1686
(Invited) A Comprehensive Data Ecosystem to Accelerate Materials Research

Wednesday, 31 May 2017: 15:45
Grand Salon C - Section 13 (Hilton New Orleans Riverside)
J. D. Perkins, R. R. White, and K. Munch (National Renewable Energy Laboratory)
In Materials-by-Design or Materials Genome Initiative (MGI) approaches to materials development, research (and researcher) friendly data tools are central to addressing the overarching challenge of creating new material science understanding from the vast amounts of data generated by both theory and experiments. At NREL, we have developed a comprehensive data ecosystem that includes automated data (and metadata) harvesting, expression of the aggregated data in an accessible database and the development of custom analysis tools as well as the deployment of public facing materials information resources. Using research examples taken from the Center for Next Generation Materials by Design EFRC and NREL’s internal development project on high-throughput x-ray diffraction analysis, we will present an overview of the complete NREL data ecosystem as it currently stands as well as a vision of how it might be integrated into multi-institute consortia such as the recently created DOE Energy Materials Networks.
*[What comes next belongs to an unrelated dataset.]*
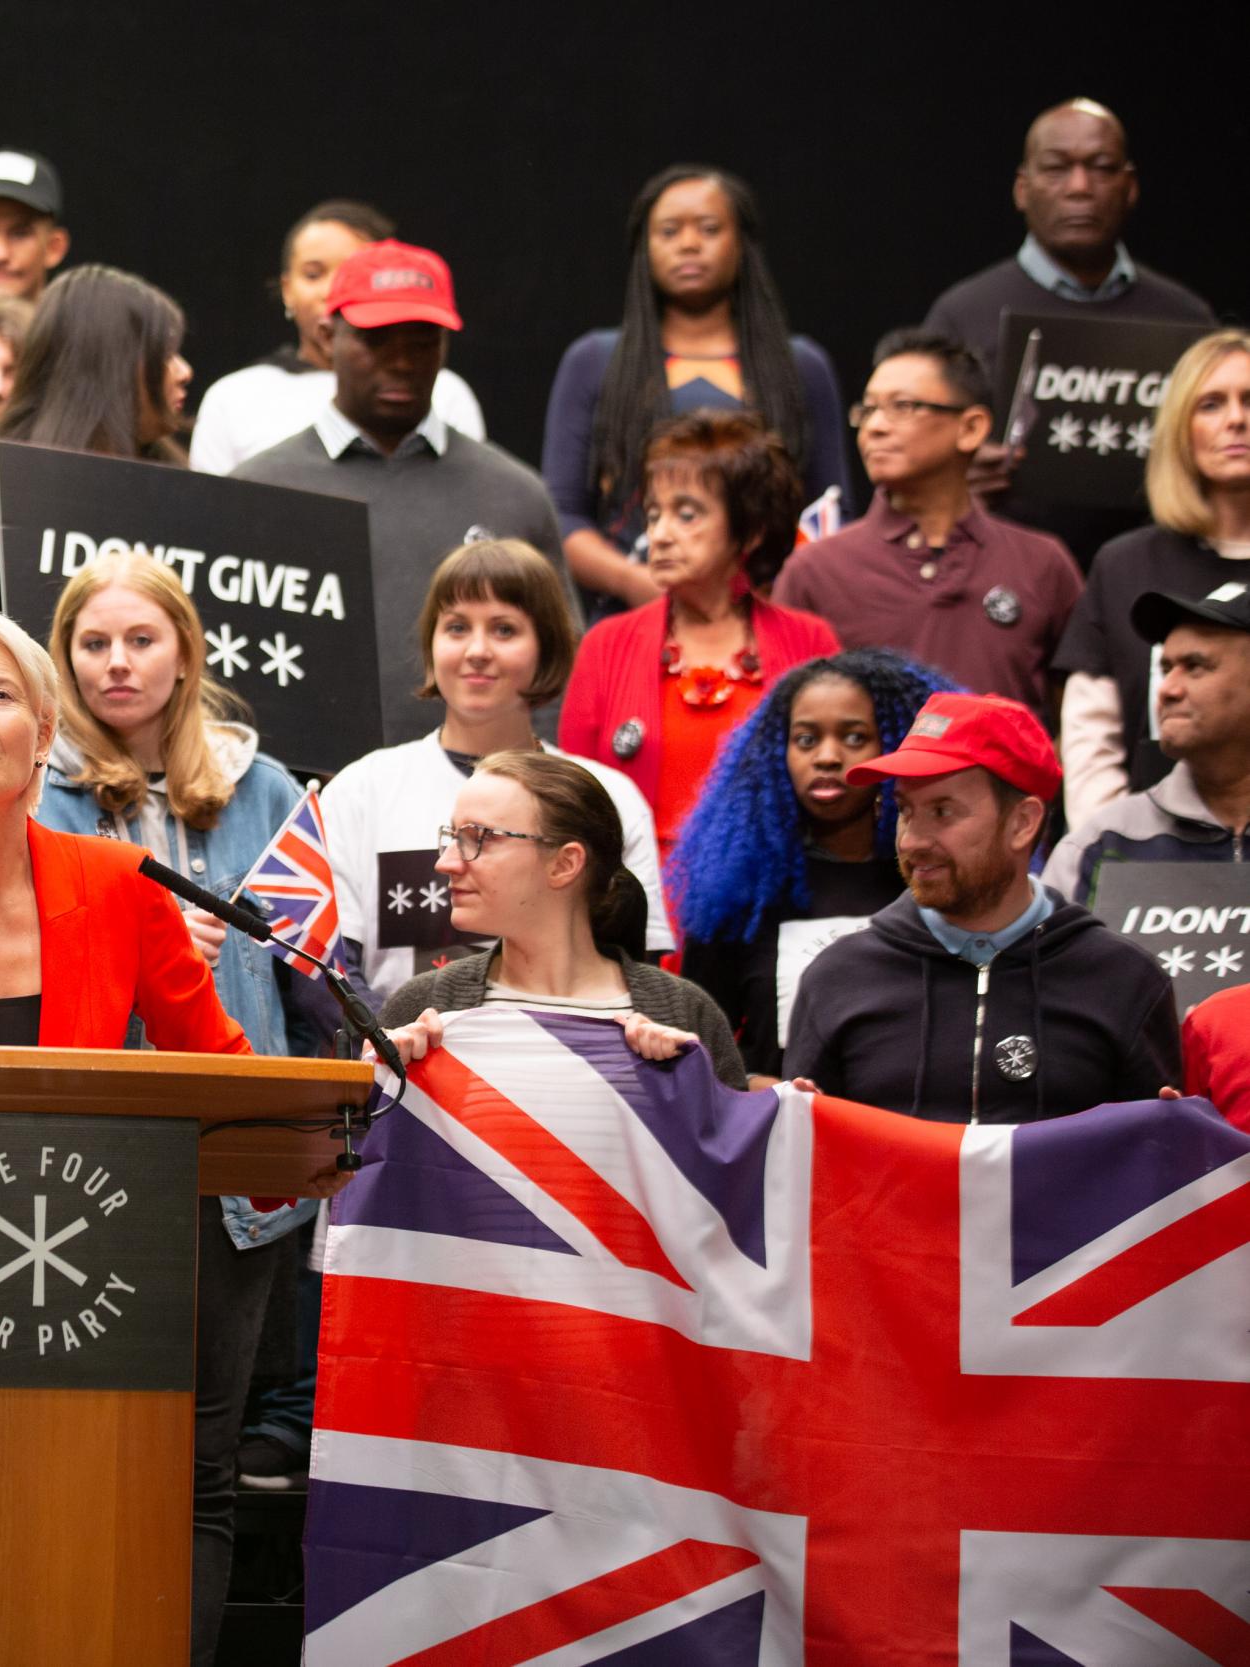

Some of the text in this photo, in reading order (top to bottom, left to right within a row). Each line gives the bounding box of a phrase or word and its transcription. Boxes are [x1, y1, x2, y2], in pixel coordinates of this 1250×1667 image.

The public facing NREL MatDB database (materials.nrel.gov) contains the results of 200,000+ density functional theory calculations covering 30,000+ unique materials. Our recently established internal High-Throughput Experimental Materials database (HTEM-DB) currently contains data from more than 3300 combinatorial libraries representing roughly 86,000 different composition-processing synthesis combinations. Our data analytics use of HTEM-DB will be demonstrated by application to the rapid analysis of large x-ray diffraction datasets. HTEM-DB can be accessed via an API, direct SQL queries, a web interface and custom graphing-program based user tools to facilitate use by researchers. The overall result is a scientist-friendly extensible analysis environment with project specific machine learning and visualizations which is now both being put into use within Center for Next Generation Materials by Design and serving as the NREL access point for the NIST-led High-Throughput Experimental Materials Science Virtual Laboratory. A public facing version of the NREL HTEM-DB will be launched in 2017.